• What is needed: The answer should hold exactly the lines of the entries below from the one containing "this 1344×1512 image." through the last line, both included.

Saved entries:
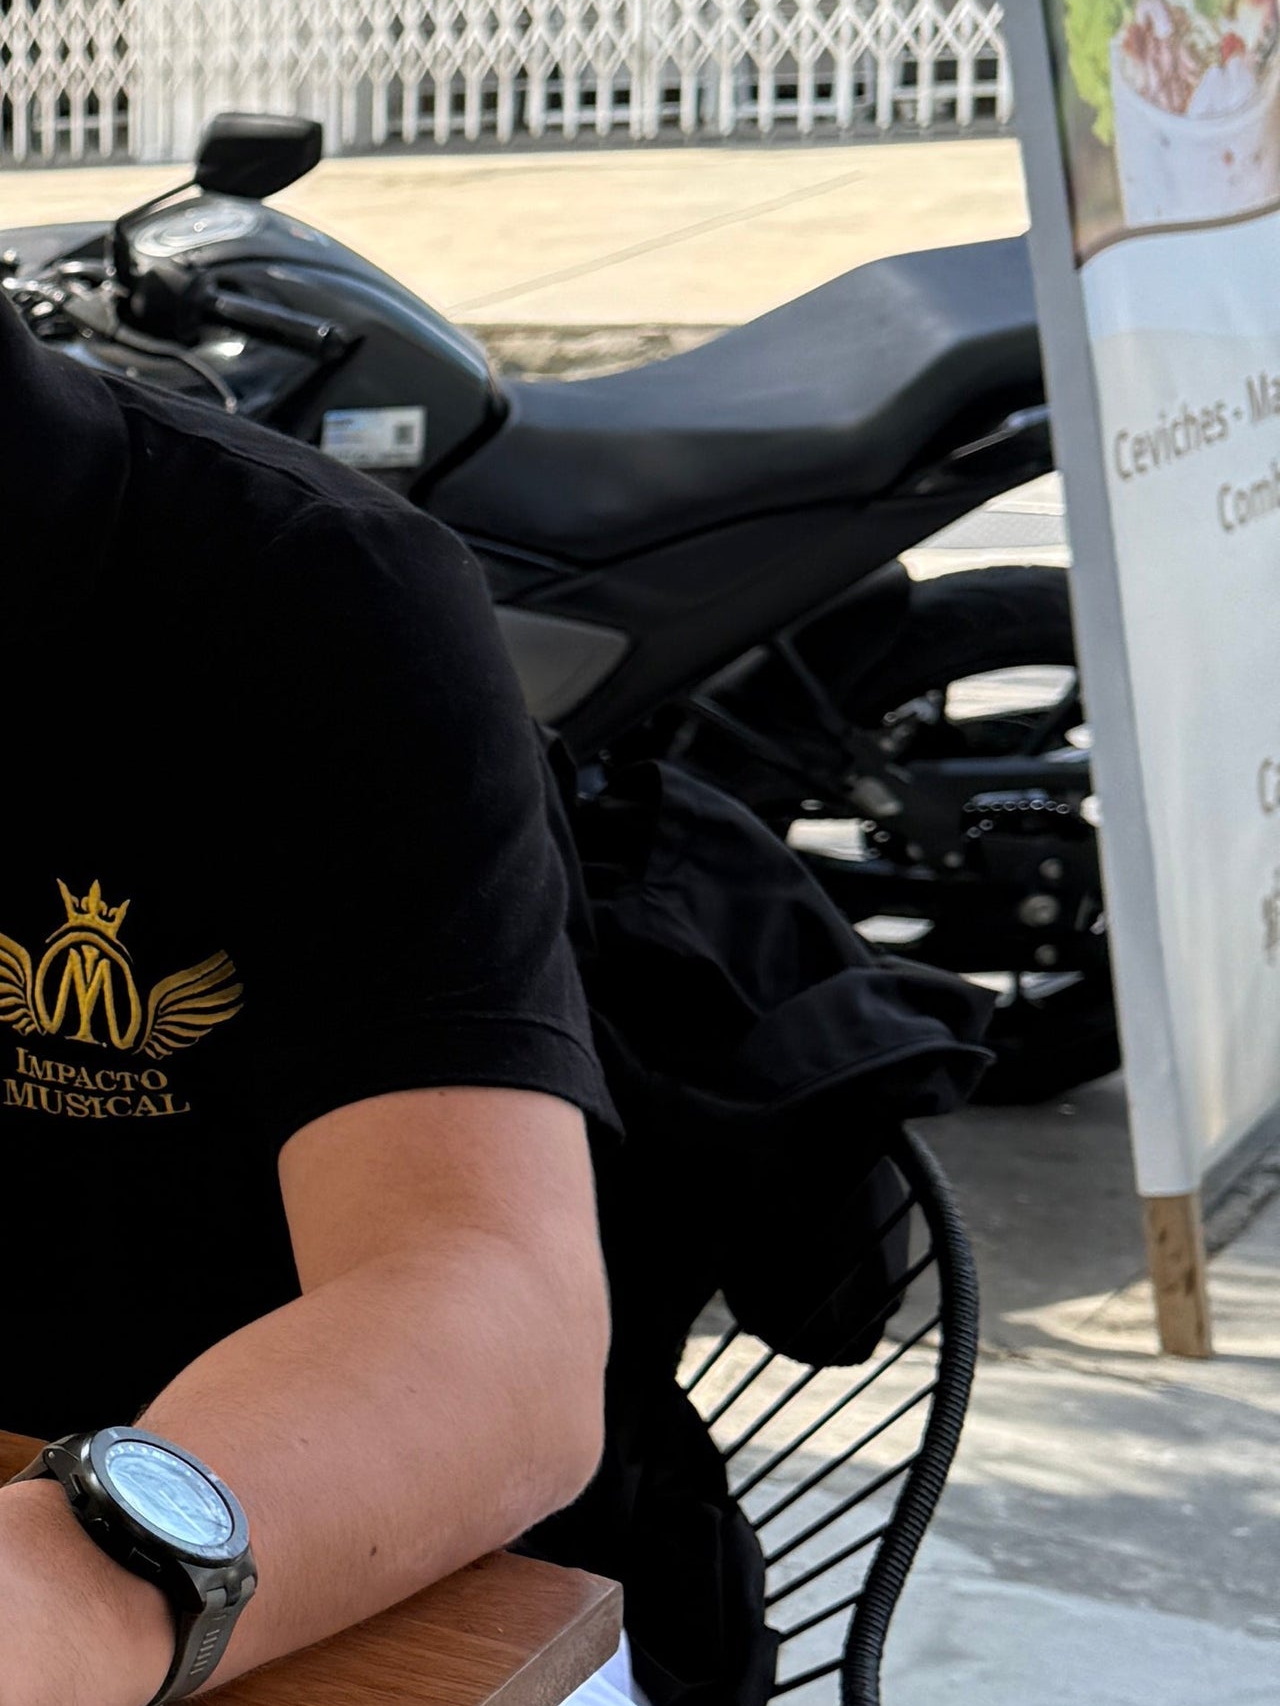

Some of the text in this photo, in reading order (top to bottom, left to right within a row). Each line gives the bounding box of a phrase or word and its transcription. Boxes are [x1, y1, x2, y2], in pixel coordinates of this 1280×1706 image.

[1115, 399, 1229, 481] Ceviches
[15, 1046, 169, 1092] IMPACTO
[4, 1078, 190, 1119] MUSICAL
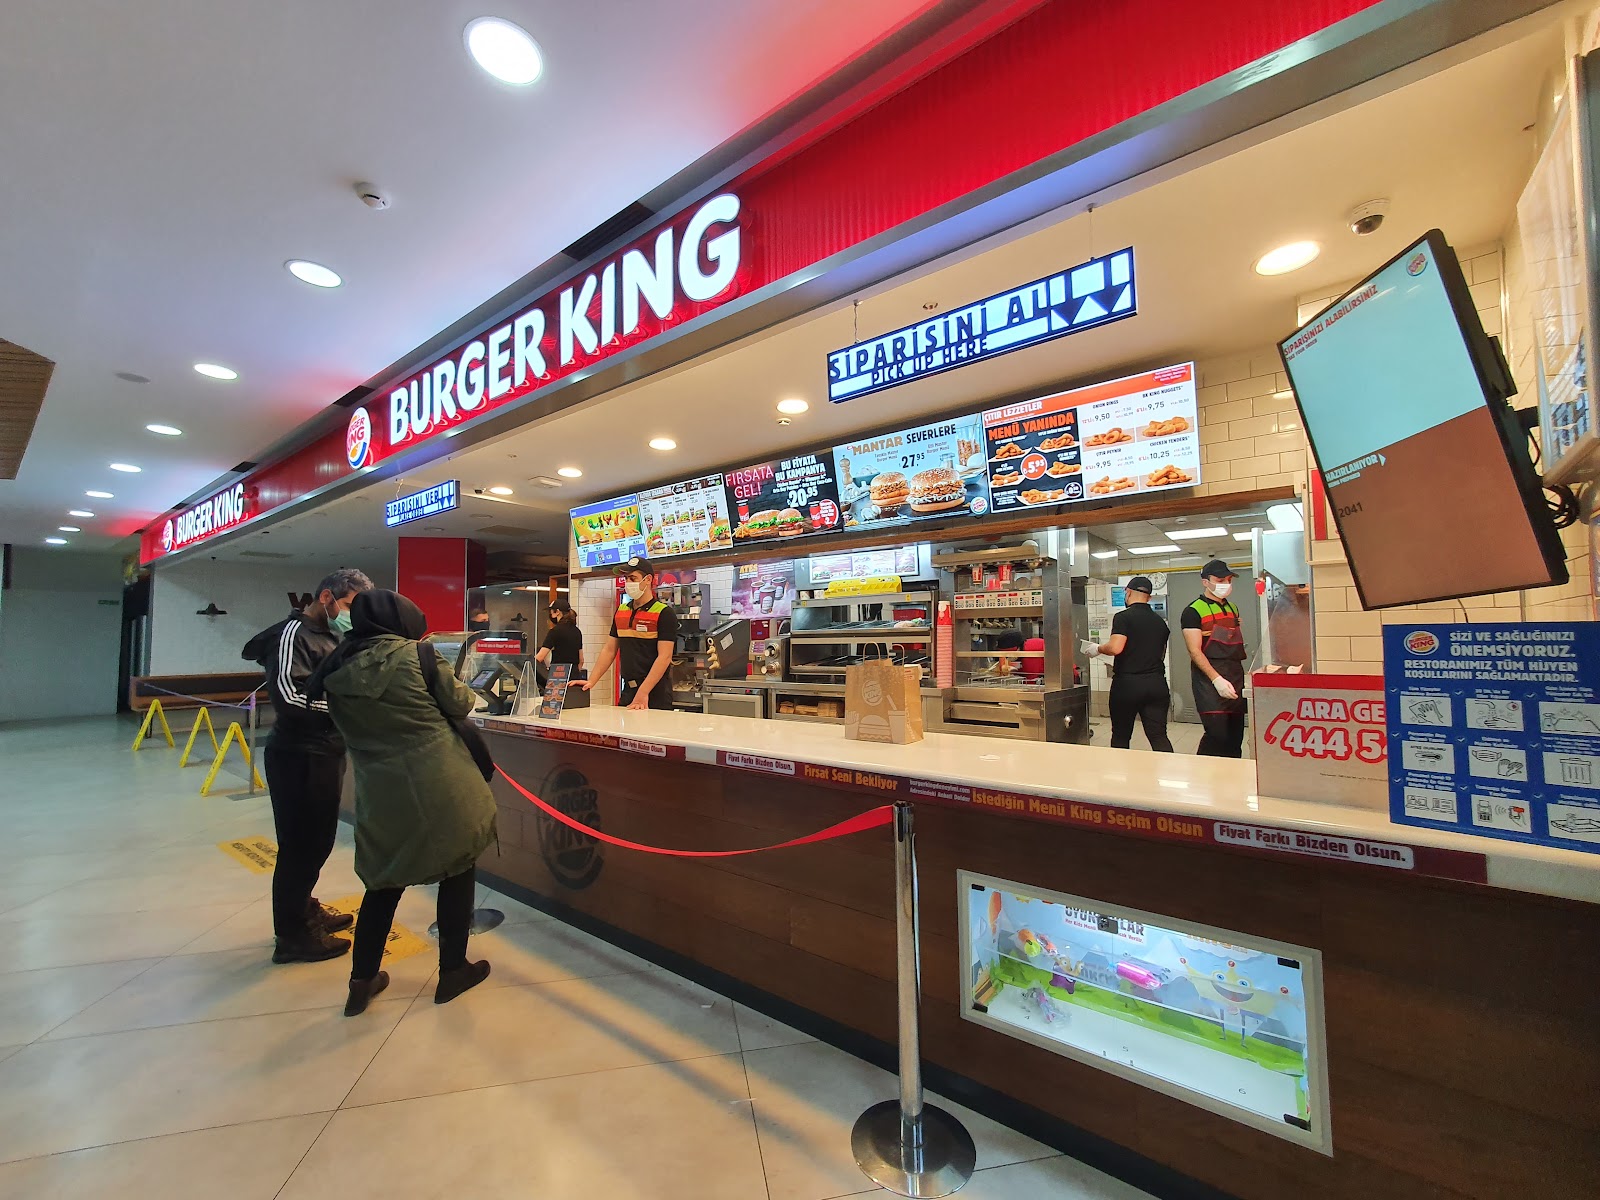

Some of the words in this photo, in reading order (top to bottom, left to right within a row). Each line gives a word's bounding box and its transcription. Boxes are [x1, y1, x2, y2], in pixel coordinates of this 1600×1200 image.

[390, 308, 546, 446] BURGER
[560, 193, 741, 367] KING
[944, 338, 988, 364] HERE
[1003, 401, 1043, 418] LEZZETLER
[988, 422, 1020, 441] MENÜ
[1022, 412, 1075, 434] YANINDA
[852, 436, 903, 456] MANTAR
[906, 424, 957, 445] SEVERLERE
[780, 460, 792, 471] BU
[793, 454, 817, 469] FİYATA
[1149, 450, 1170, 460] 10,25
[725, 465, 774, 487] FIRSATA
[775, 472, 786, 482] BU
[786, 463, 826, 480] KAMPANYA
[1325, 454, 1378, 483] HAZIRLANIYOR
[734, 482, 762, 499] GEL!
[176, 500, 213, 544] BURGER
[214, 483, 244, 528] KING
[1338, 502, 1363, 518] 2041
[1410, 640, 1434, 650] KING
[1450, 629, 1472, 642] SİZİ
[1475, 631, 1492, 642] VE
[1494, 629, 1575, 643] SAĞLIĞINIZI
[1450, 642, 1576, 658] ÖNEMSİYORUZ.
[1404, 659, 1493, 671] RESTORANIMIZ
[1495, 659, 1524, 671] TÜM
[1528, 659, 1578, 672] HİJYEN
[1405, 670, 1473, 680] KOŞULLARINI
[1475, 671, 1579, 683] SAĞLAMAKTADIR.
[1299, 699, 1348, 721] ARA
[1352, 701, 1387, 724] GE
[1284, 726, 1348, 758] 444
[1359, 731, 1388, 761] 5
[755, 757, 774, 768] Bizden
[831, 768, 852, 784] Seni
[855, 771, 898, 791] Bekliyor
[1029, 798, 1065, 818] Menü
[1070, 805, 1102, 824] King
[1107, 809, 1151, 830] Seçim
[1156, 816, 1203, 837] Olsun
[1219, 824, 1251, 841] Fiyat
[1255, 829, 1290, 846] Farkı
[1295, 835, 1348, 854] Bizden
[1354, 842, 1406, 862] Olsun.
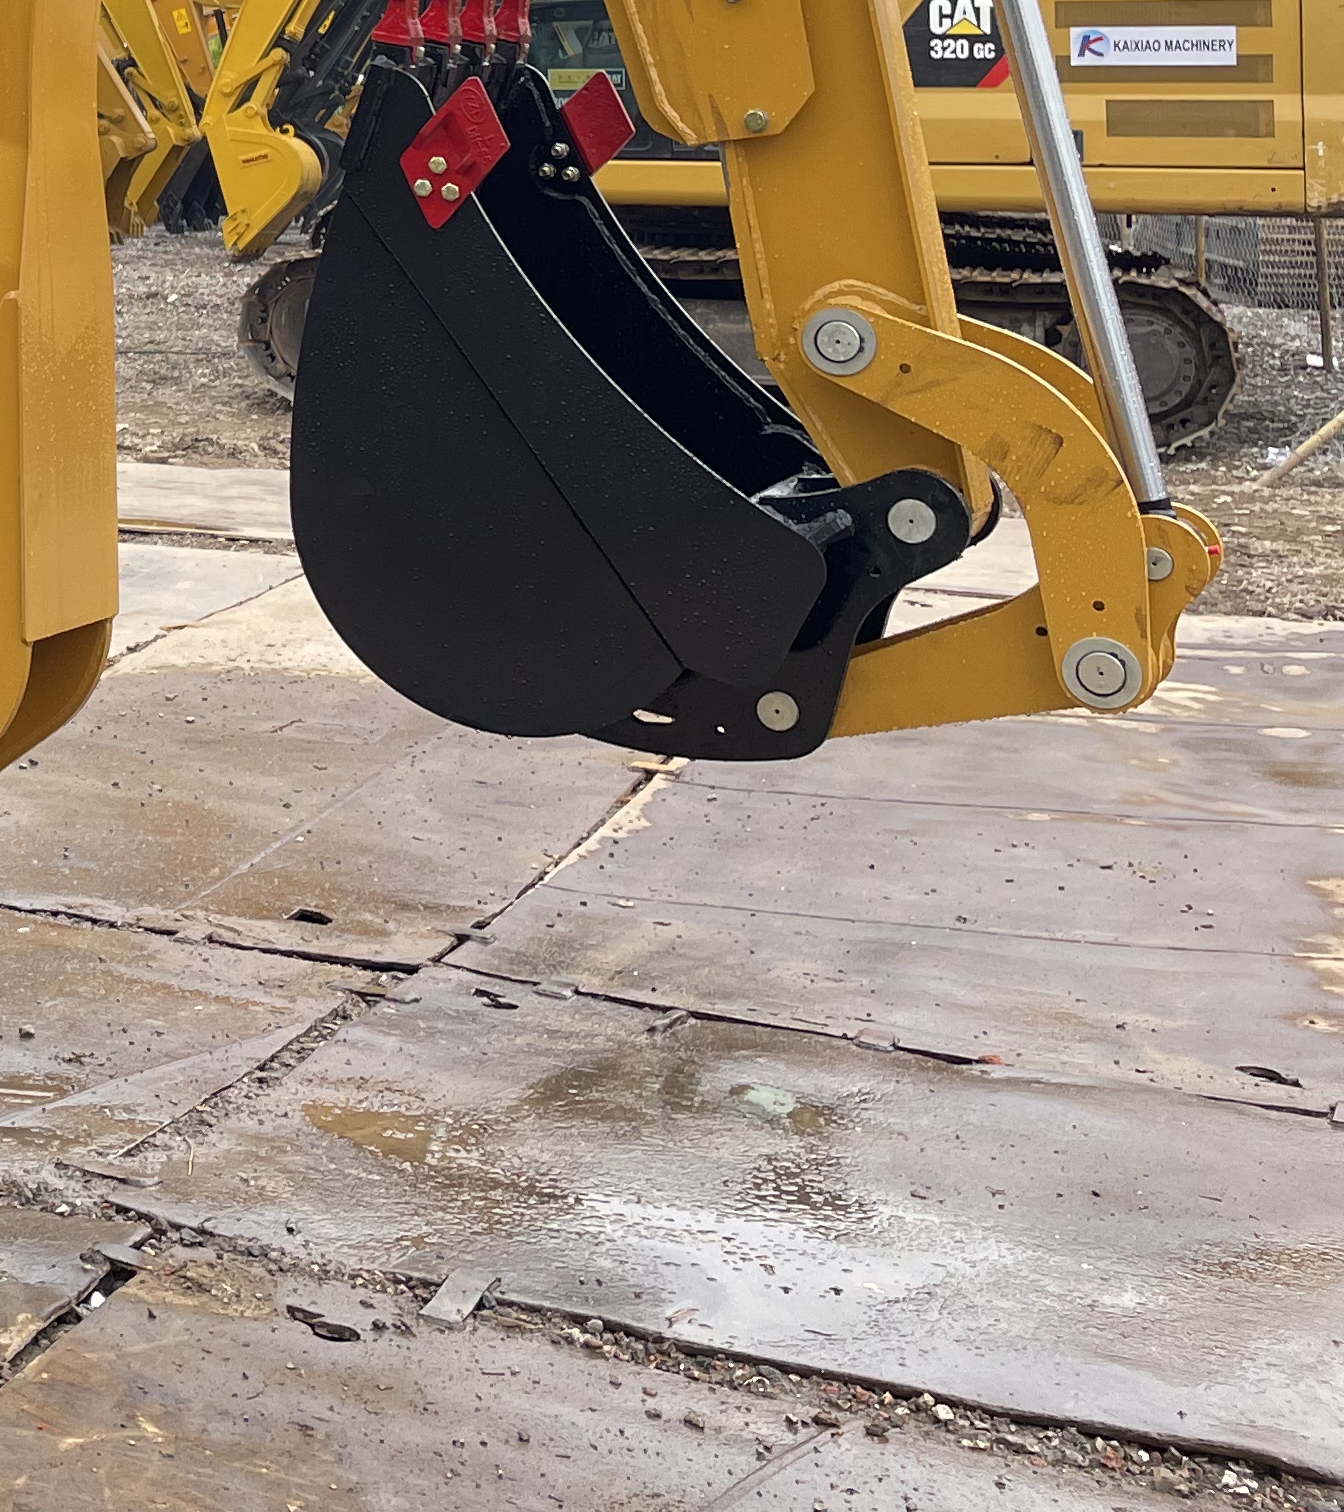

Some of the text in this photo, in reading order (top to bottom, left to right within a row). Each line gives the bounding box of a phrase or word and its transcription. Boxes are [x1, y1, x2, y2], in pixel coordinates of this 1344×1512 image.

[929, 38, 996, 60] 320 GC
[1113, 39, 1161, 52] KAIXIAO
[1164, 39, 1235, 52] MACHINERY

• Expected answer:
Some of the text in this photo, in reading order (top to bottom, left to right within a row). Each line gives the bounding box of a phrase or word and its transcription. Boxes are [x1, y1, x2, y2], in pixel coordinates of this 1344×1512 image.

[929, 38, 996, 60] 320 GC
[1113, 39, 1161, 52] KAIXIAO
[1164, 39, 1235, 52] MACHINERY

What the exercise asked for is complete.